## Assignment
Write the entries out exactly. Any images they hold stay out of the copy.

Materials provided Block Start

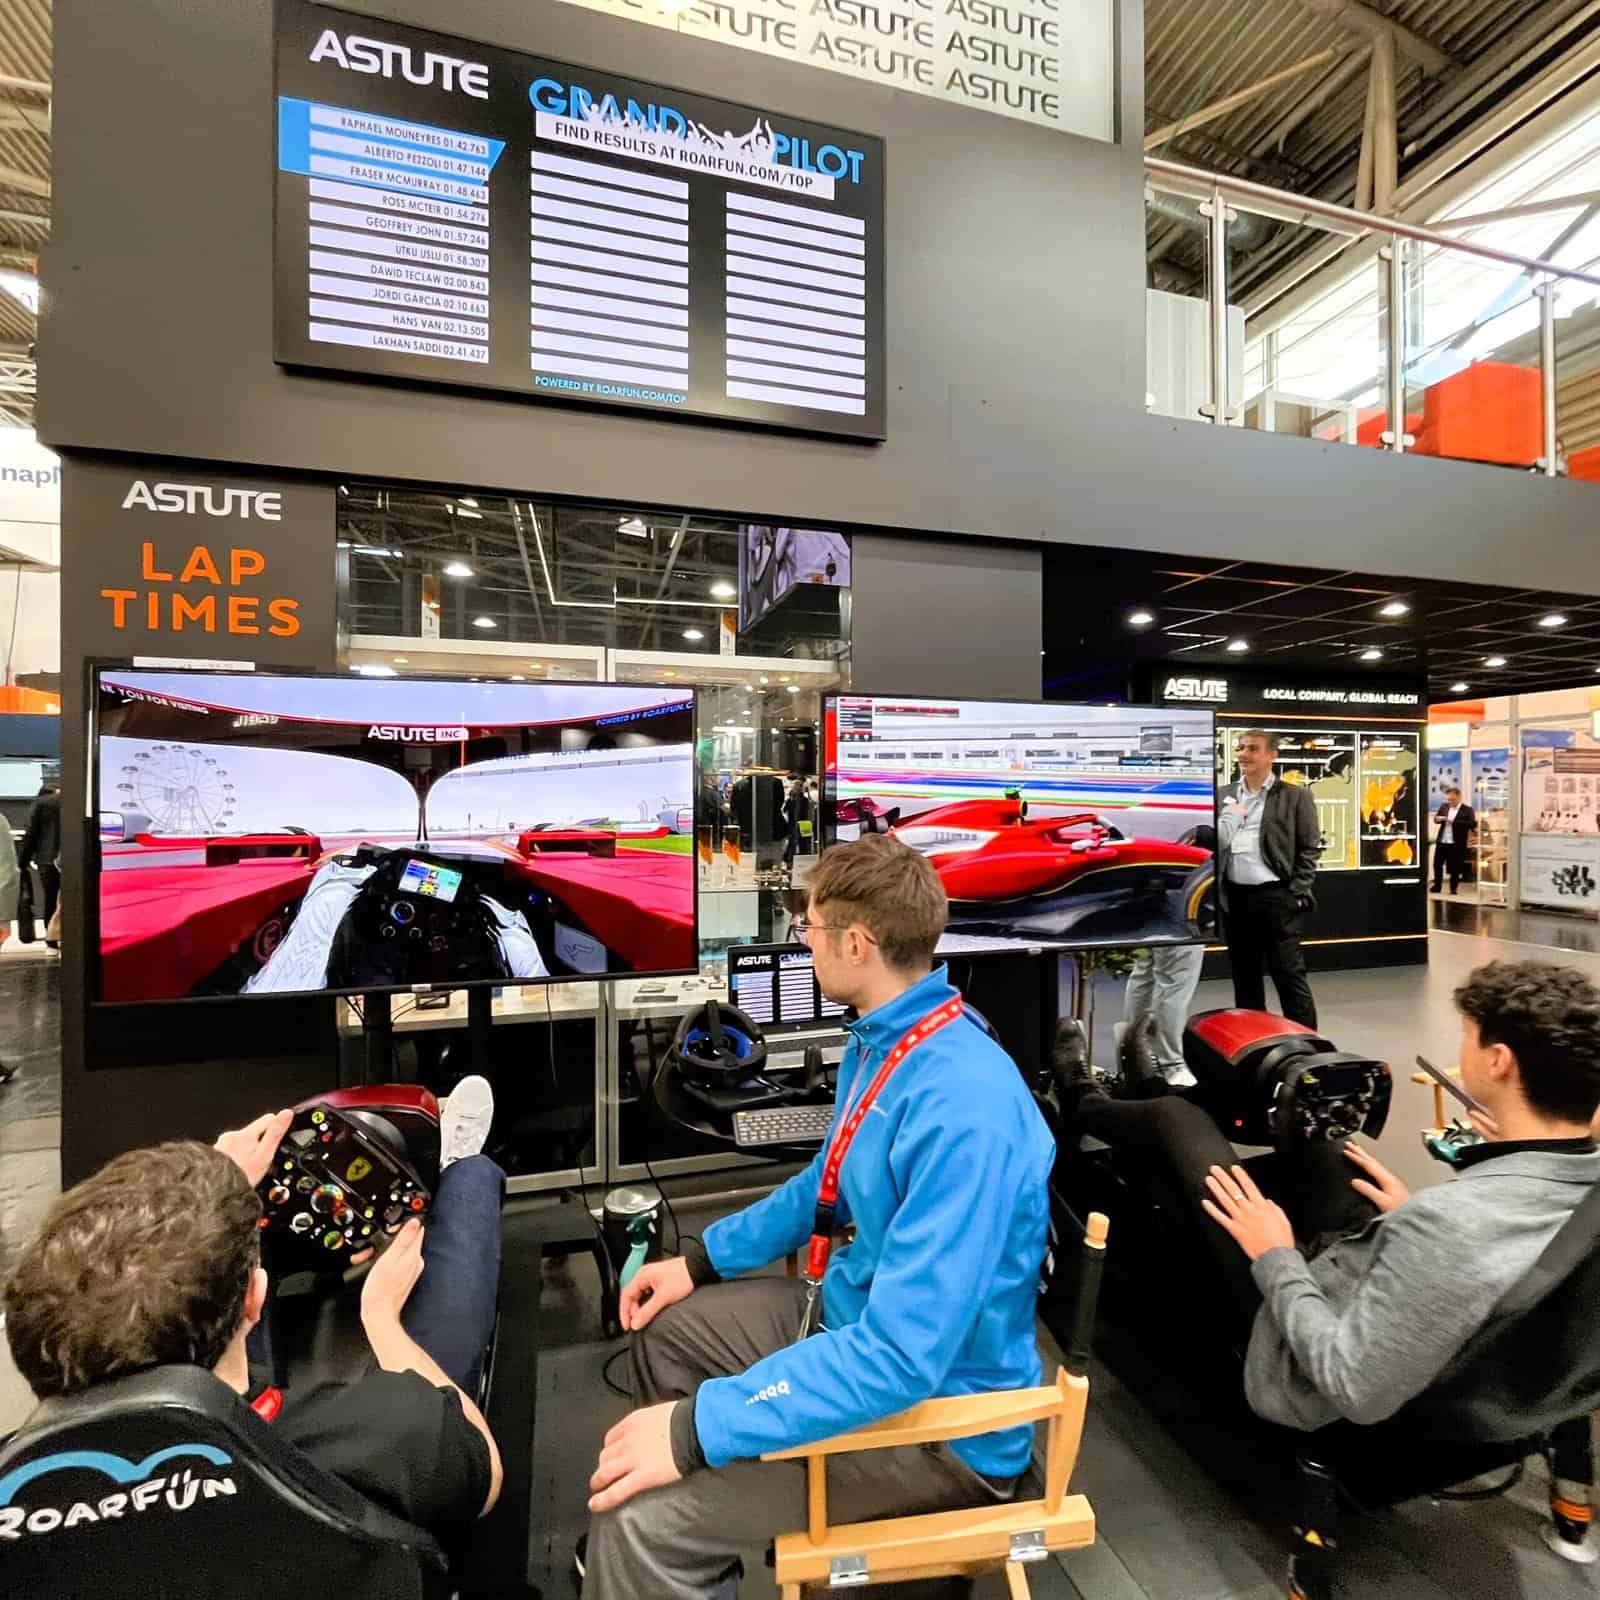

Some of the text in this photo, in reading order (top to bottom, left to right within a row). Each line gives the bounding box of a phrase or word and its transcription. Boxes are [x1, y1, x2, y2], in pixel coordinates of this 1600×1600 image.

[945, 0, 1059, 47] ASTUTE
[309, 29, 489, 99] ASTUTE
[657, 0, 1059, 119] STUTE ASTUTE ASTUTE
[945, 31, 1059, 83] ASTUTE
[340, 117, 383, 134] RAPHAEL
[528, 78, 865, 184] GRAND PILOT
[364, 144, 404, 161] ALBERTO
[555, 121, 814, 190] FIND RESULTS AT ROARFUN.COM/TOP
[350, 166, 384, 181] FRASER
[386, 173, 442, 191] MCMURRAY
[382, 196, 406, 208] ROSS
[366, 216, 413, 232] GEOFFREY
[416, 224, 441, 237] JOHN
[395, 245, 418, 257] UTKU
[370, 264, 403, 278] DAWID
[405, 270, 441, 284] TECLAW
[373, 288, 401, 301] JORDI
[403, 293, 441, 306] GARCIA
[392, 314, 418, 327] HANS
[421, 319, 441, 330] VAN
[373, 335, 411, 349] LAKHAN
[413, 341, 442, 353] SADDI
[535, 375, 687, 404] POWERED BY ROARFUN.COM/TOP
[121, 480, 281, 521] ASTUTE
[142, 542, 265, 586] LAP
[101, 589, 300, 637] TIMES
[118, 688, 144, 701] YOU
[1164, 677, 1228, 698] ASTUTE
[1263, 688, 1418, 704] LOCAL COMPANY, GLOBAL REACH
[368, 725, 434, 741] ASTUTE
[737, 954, 772, 967] ASTUTE
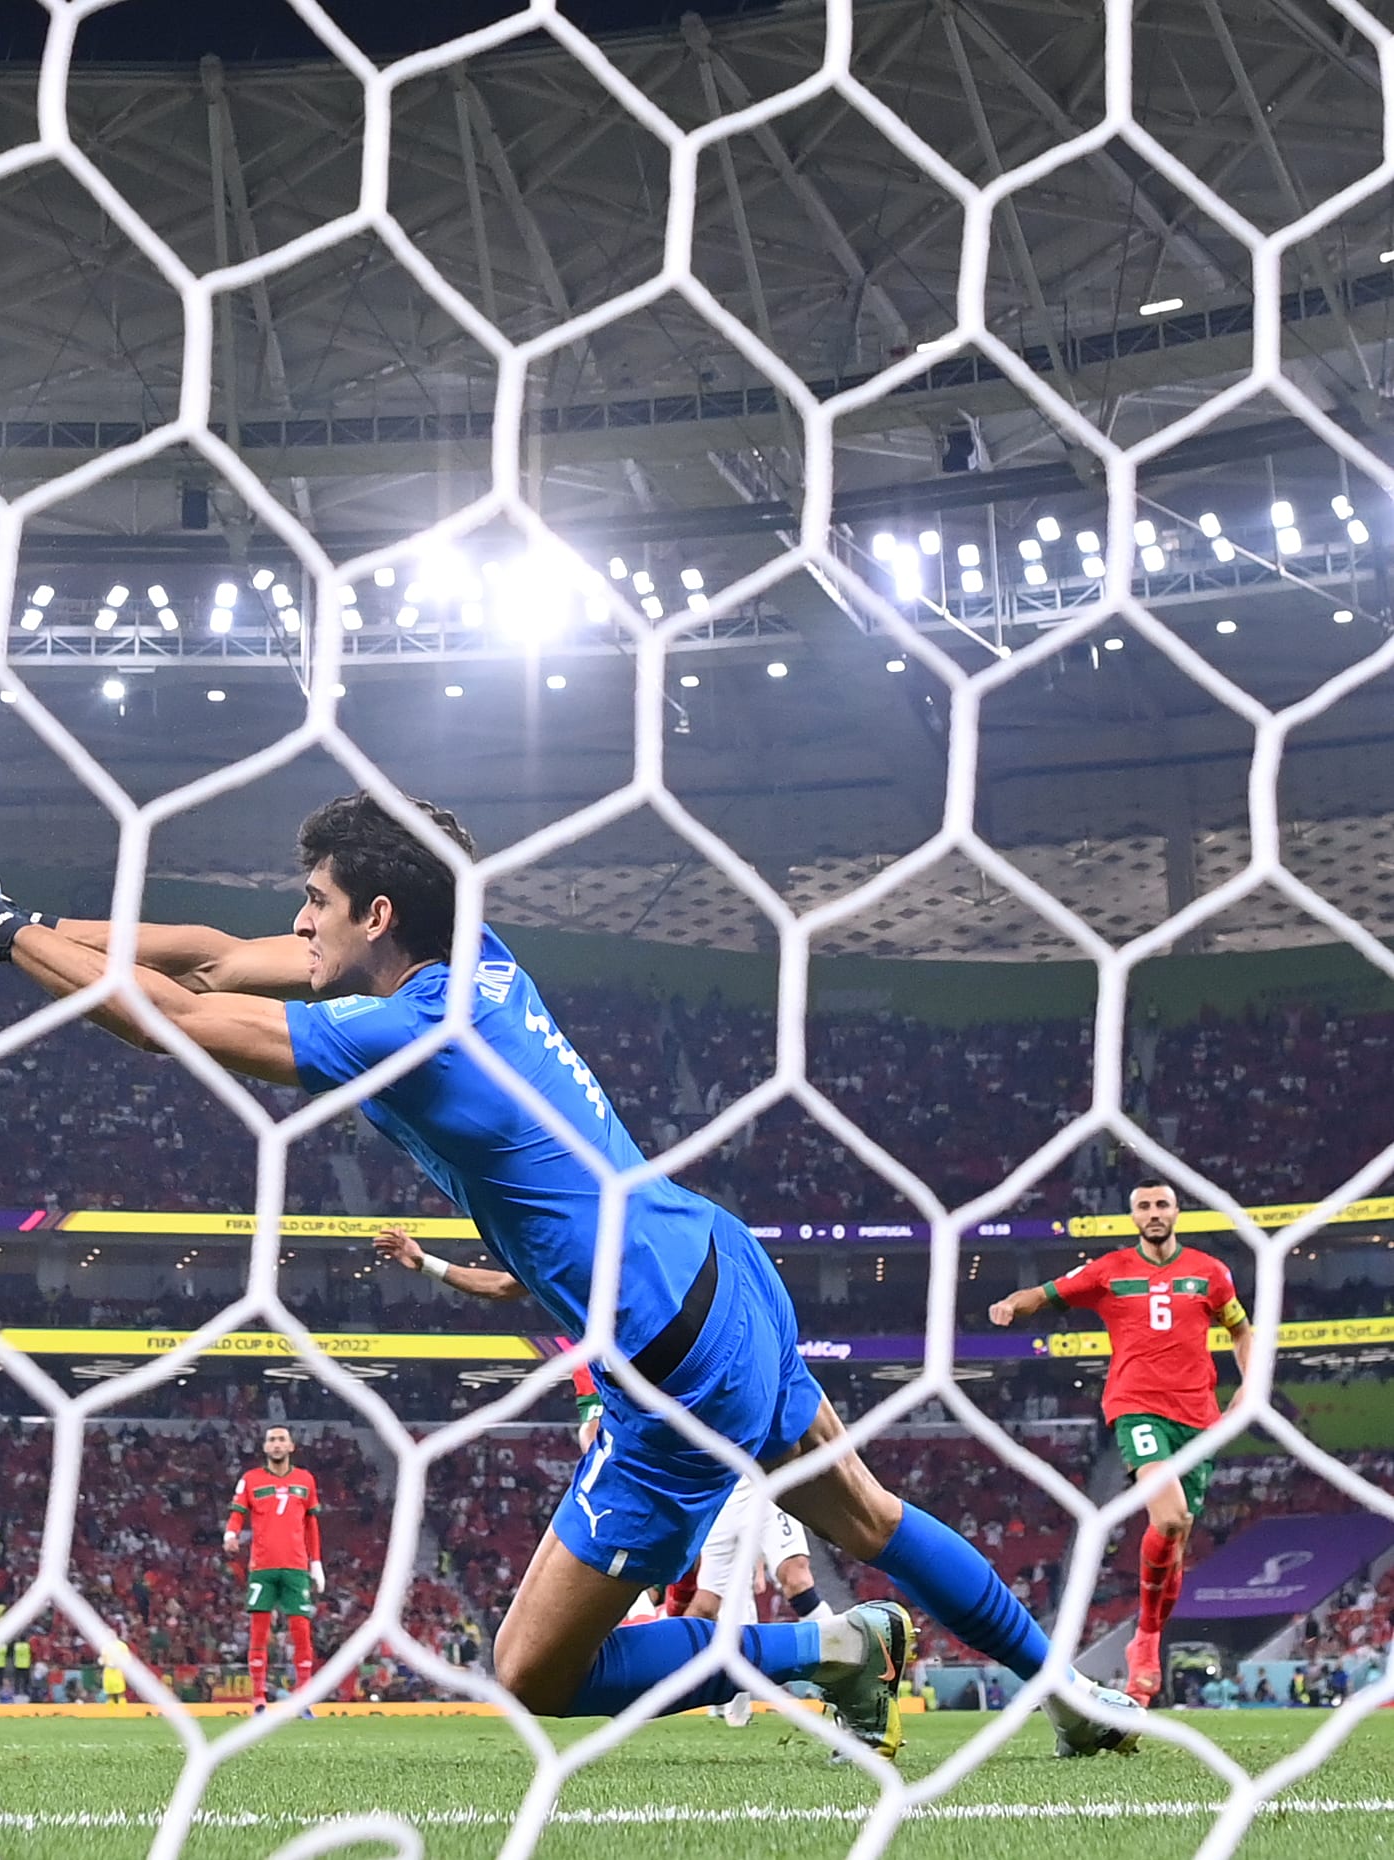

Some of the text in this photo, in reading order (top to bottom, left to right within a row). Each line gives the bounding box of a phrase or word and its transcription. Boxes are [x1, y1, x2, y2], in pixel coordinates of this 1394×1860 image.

[225, 1219, 252, 1230] FIFA
[301, 1221, 325, 1231] CUP
[799, 1224, 813, 1239] 0
[832, 1224, 846, 1239] 0
[1149, 1294, 1172, 1331] 6
[147, 1337, 177, 1349] FIFA
[234, 1338, 261, 1350] CUP
[1131, 1423, 1158, 1457] 6
[275, 1493, 289, 1516] 7
[777, 1511, 793, 1537] 3
[248, 1582, 263, 1606] 7
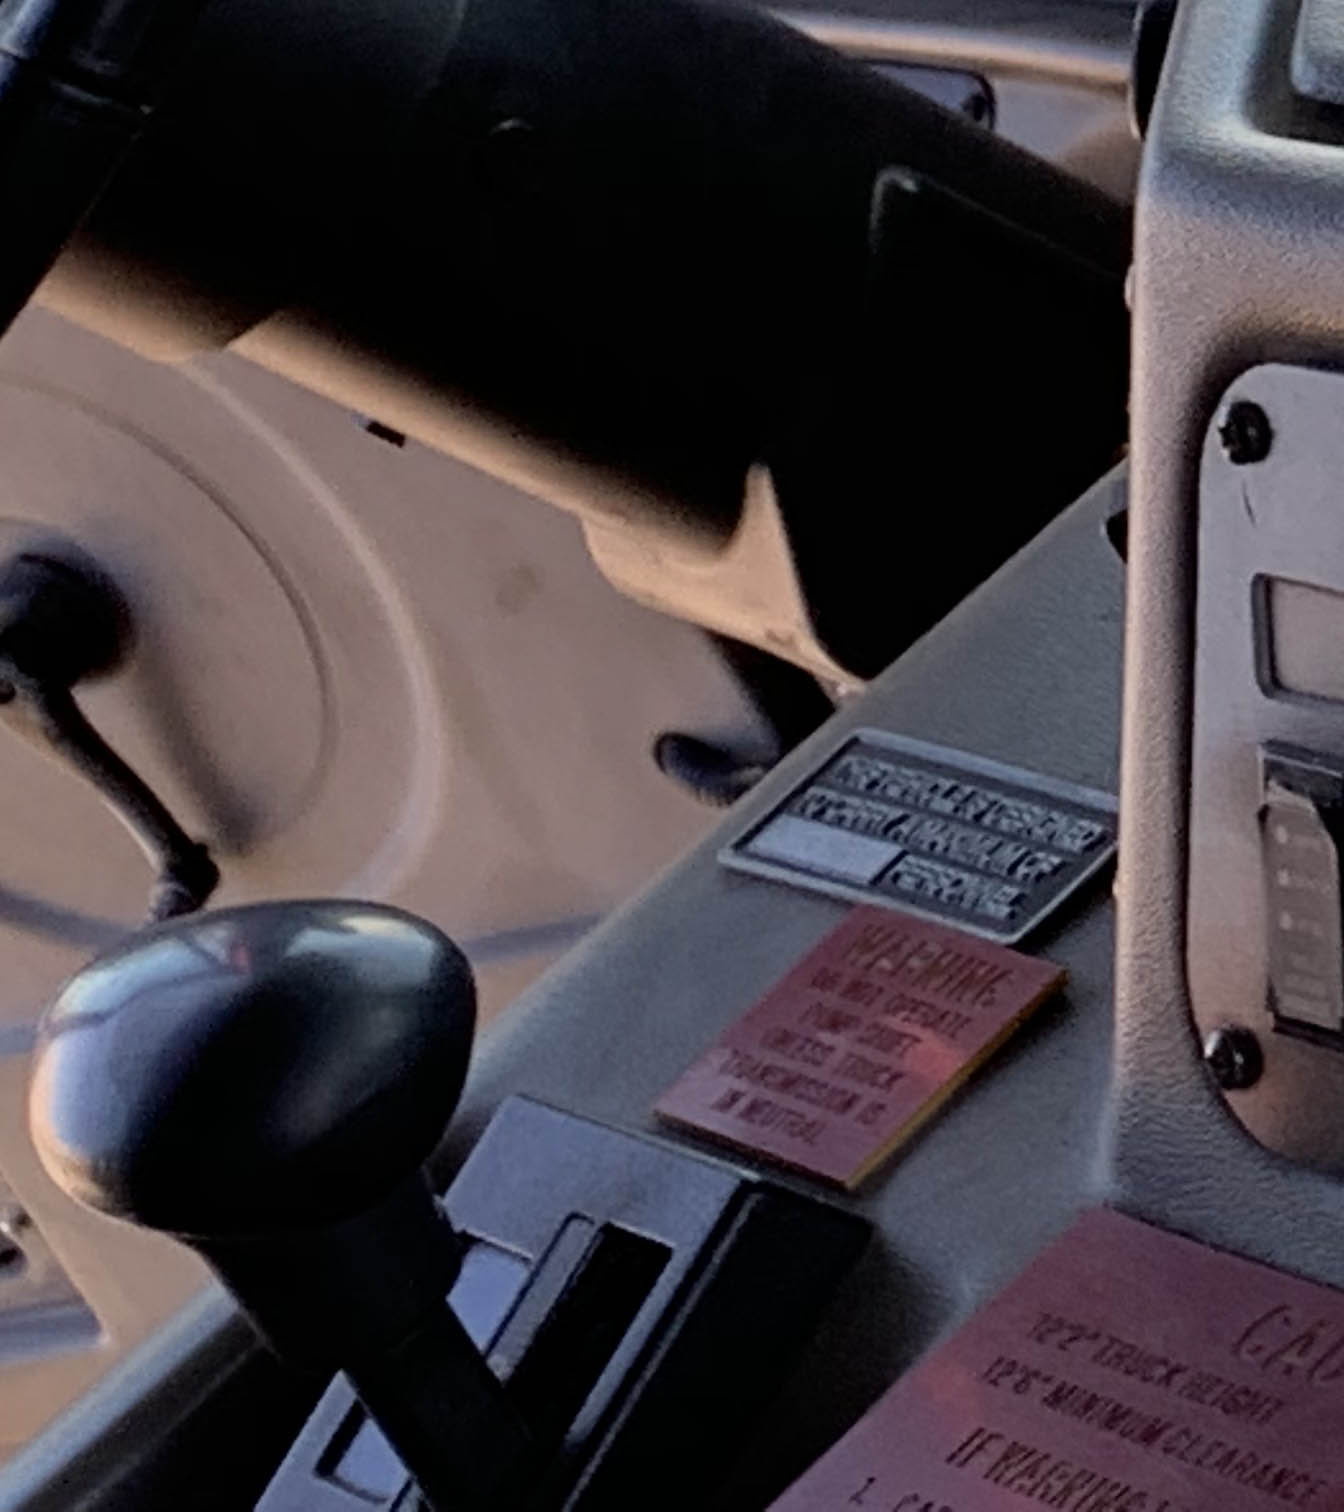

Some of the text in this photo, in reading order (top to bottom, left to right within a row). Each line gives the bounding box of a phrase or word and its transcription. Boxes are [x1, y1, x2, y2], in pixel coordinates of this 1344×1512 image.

[843, 922, 1014, 1008] WARNING
[883, 992, 975, 1039] OPERATE
[718, 1048, 890, 1127] TRANSMISSION IS
[833, 1051, 903, 1091] TRUCK
[737, 1096, 827, 1146] NEUTRAL
[1091, 1334, 1189, 1392] TRUCK
[1179, 1368, 1287, 1426] HEIGHT
[944, 1426, 1004, 1469] IF
[1042, 1379, 1168, 1450] MINIMUM
[1158, 1426, 1327, 1504] CLEARANCE

Materials provided Block End

## Written answer
Some of the text in this photo, in reading order (top to bottom, left to right within a row). Each line gives the bounding box of a phrase or word and its transcription. Boxes are [x1, y1, x2, y2], in pixel coordinates of this 1600×1600 image.

[945, 0, 1059, 47] ASTUTE
[309, 29, 489, 99] ASTUTE
[657, 0, 1059, 119] STUTE ASTUTE ASTUTE
[945, 31, 1059, 83] ASTUTE
[340, 117, 383, 134] RAPHAEL
[528, 78, 865, 184] GRAND PILOT
[364, 144, 404, 161] ALBERTO
[555, 121, 814, 190] FIND RESULTS AT ROARFUN.COM/TOP
[350, 166, 384, 181] FRASER
[386, 173, 442, 191] MCMURRAY
[382, 196, 406, 208] ROSS
[366, 216, 413, 232] GEOFFREY
[416, 224, 441, 237] JOHN
[395, 245, 418, 257] UTKU
[370, 264, 403, 278] DAWID
[405, 270, 441, 284] TECLAW
[373, 288, 401, 301] JORDI
[403, 293, 441, 306] GARCIA
[392, 314, 418, 327] HANS
[421, 319, 441, 330] VAN
[373, 335, 411, 349] LAKHAN
[413, 341, 442, 353] SADDI
[535, 375, 687, 404] POWERED BY ROARFUN.COM/TOP
[121, 480, 281, 521] ASTUTE
[142, 542, 265, 586] LAP
[101, 589, 300, 637] TIMES
[118, 688, 144, 701] YOU
[1164, 677, 1228, 698] ASTUTE
[1263, 688, 1418, 704] LOCAL COMPANY, GLOBAL REACH
[368, 725, 434, 741] ASTUTE
[737, 954, 772, 967] ASTUTE

Some of the text in this photo, in reading order (top to bottom, left to right within a row). Each line gives the bounding box of a phrase or word and its transcription. Boxes are [x1, y1, x2, y2], in pixel coordinates of this 1394×1860 image.

[225, 1219, 252, 1230] FIFA
[301, 1221, 325, 1231] CUP
[799, 1224, 813, 1239] 0
[832, 1224, 846, 1239] 0
[1149, 1294, 1172, 1331] 6
[147, 1337, 177, 1349] FIFA
[234, 1338, 261, 1350] CUP
[1131, 1423, 1158, 1457] 6
[275, 1493, 289, 1516] 7
[777, 1511, 793, 1537] 3
[248, 1582, 263, 1606] 7

Some of the text in this photo, in reading order (top to bottom, left to right within a row). Each line gives the bounding box of a phrase or word and its transcription. Boxes are [x1, y1, x2, y2], in pixel coordinates of this 1344×1512 image.

[843, 922, 1014, 1008] WARNING
[883, 992, 975, 1039] OPERATE
[718, 1048, 890, 1127] TRANSMISSION IS
[833, 1051, 903, 1091] TRUCK
[737, 1096, 827, 1146] NEUTRAL
[1091, 1334, 1189, 1392] TRUCK
[1179, 1368, 1287, 1426] HEIGHT
[944, 1426, 1004, 1469] IF
[1042, 1379, 1168, 1450] MINIMUM
[1158, 1426, 1327, 1504] CLEARANCE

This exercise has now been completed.